Increased procoagulant phospholipid activity in blood from patients with suspected acute coronary syndromes: a pilot study

Increased platelet activation is well documented in patients with acute coronary syndromes and can be detected by various methods, including flow cytometry and enzyme-linked immunosorbent assay. However, such techniques require several steps and cannot provide quick results. Platelet activation ultimately results in procoagulant phospholipid exposure and we have previously described a simple activated factor X-activated clotting time (XACT) test that is insensitive to resting platelets but that is significantly shortened by activated platelets, microparticles and procoagulant phospholipids. Our aim was to determine whether the XACT test could be used to distinguish patients with chest pain due to cardiac ischaemia from those having chest pain due to non-cardiac causes.

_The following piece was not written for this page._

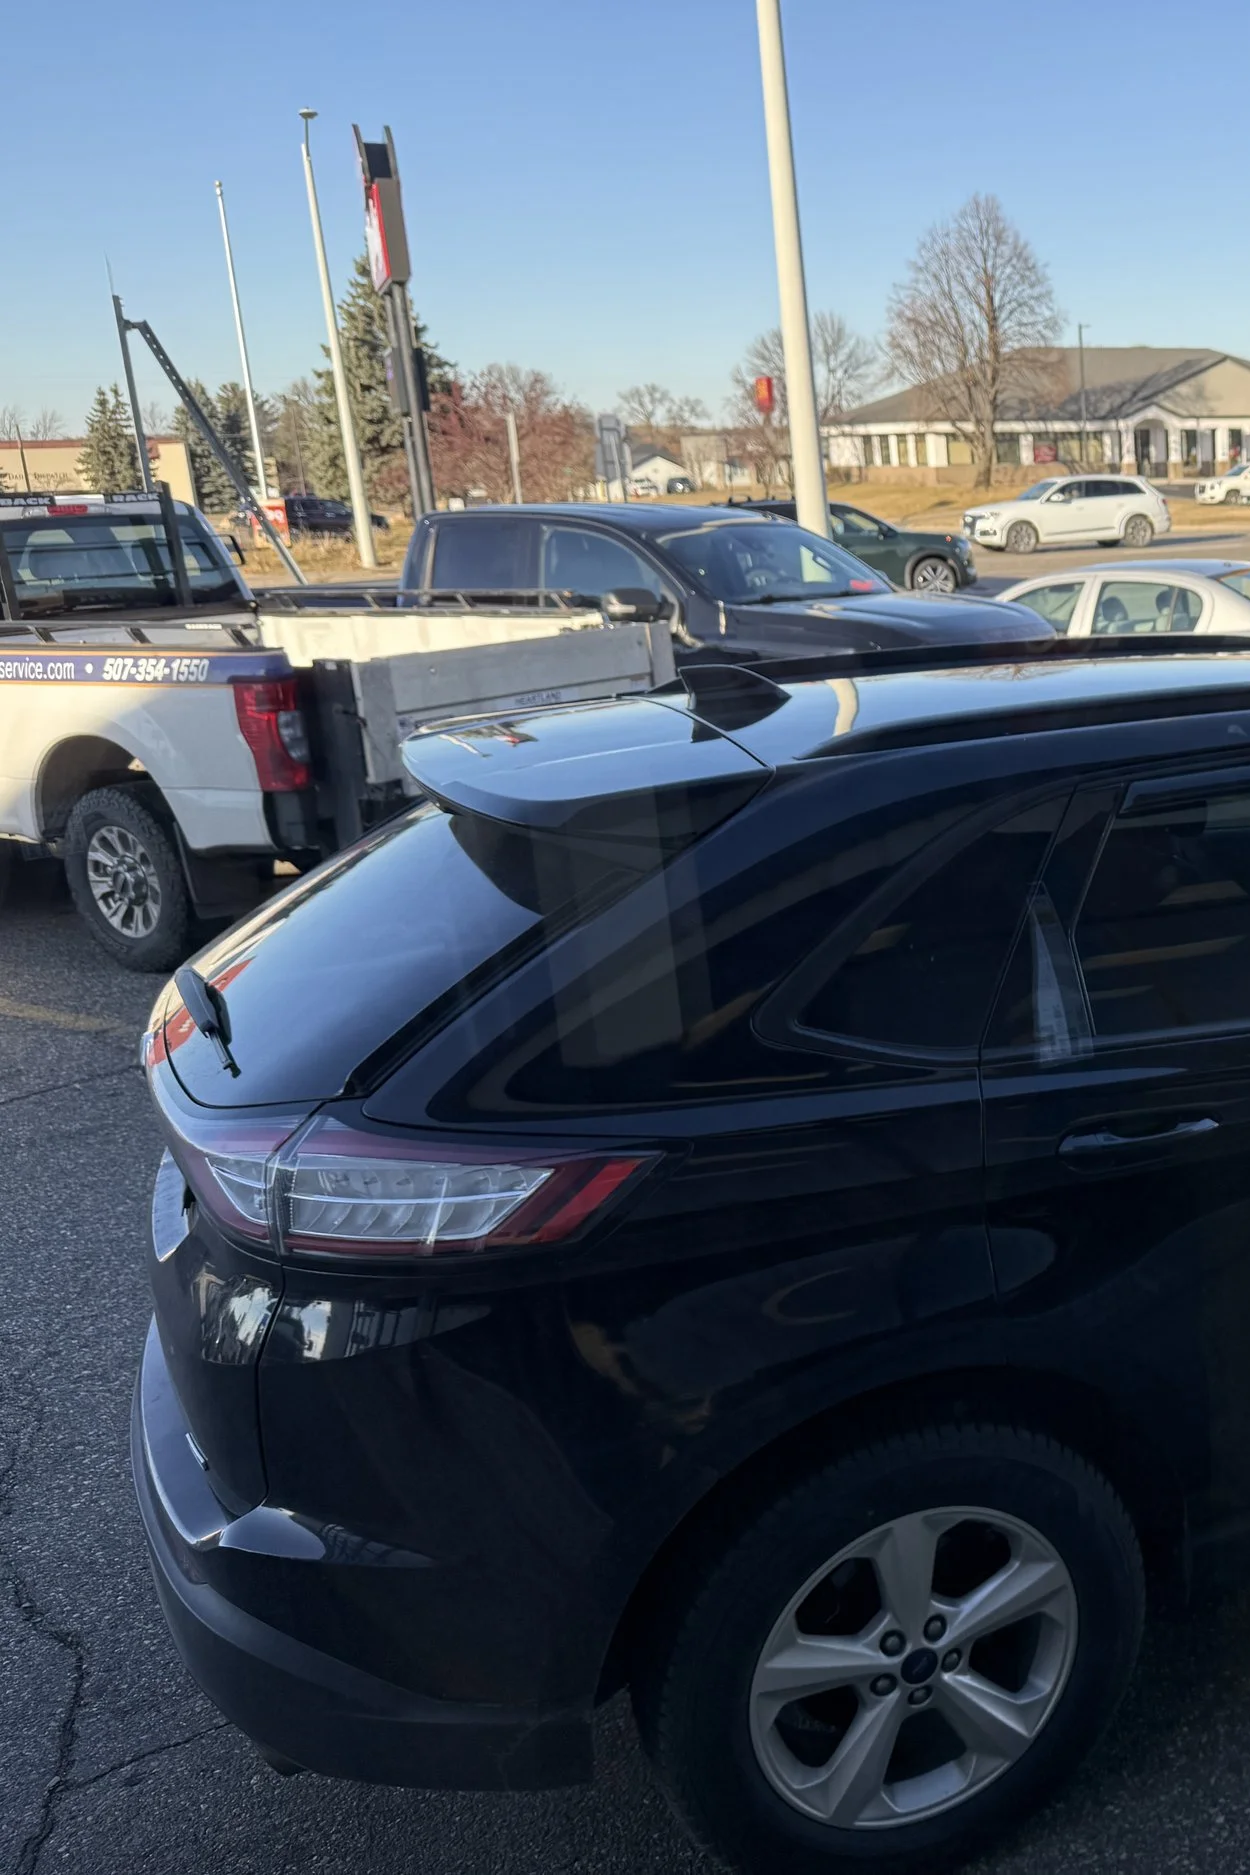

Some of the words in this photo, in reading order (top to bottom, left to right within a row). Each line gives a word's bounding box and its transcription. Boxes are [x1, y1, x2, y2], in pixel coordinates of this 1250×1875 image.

We thus carried out XACT tests on ethylenediamine tetraacetic acid whole blood and plasma samples obtained from 46 patients presenting to the emergency department with chest pain and from 30 controls. Sixteen cases (30%) were subsequently diagnosed as acute coronary syndromes. Blood samples from these patients displayed overall significantly shortened XACT results relative to both healthy controls (P < 0.001) and chest pain not due to cardiac ischaemia < 0.004). This discrimination was much better with whole blood samples than when platelet-poor plasmas were tested (P = 0.153), suggesting that free microparticles were not the only factors responsible. Thus, the detection of increased procoagulant phospholipid activity in whole blood by shortened XACT results may be a simple and rapid diagnostic marker of some cardiac ischaemic events.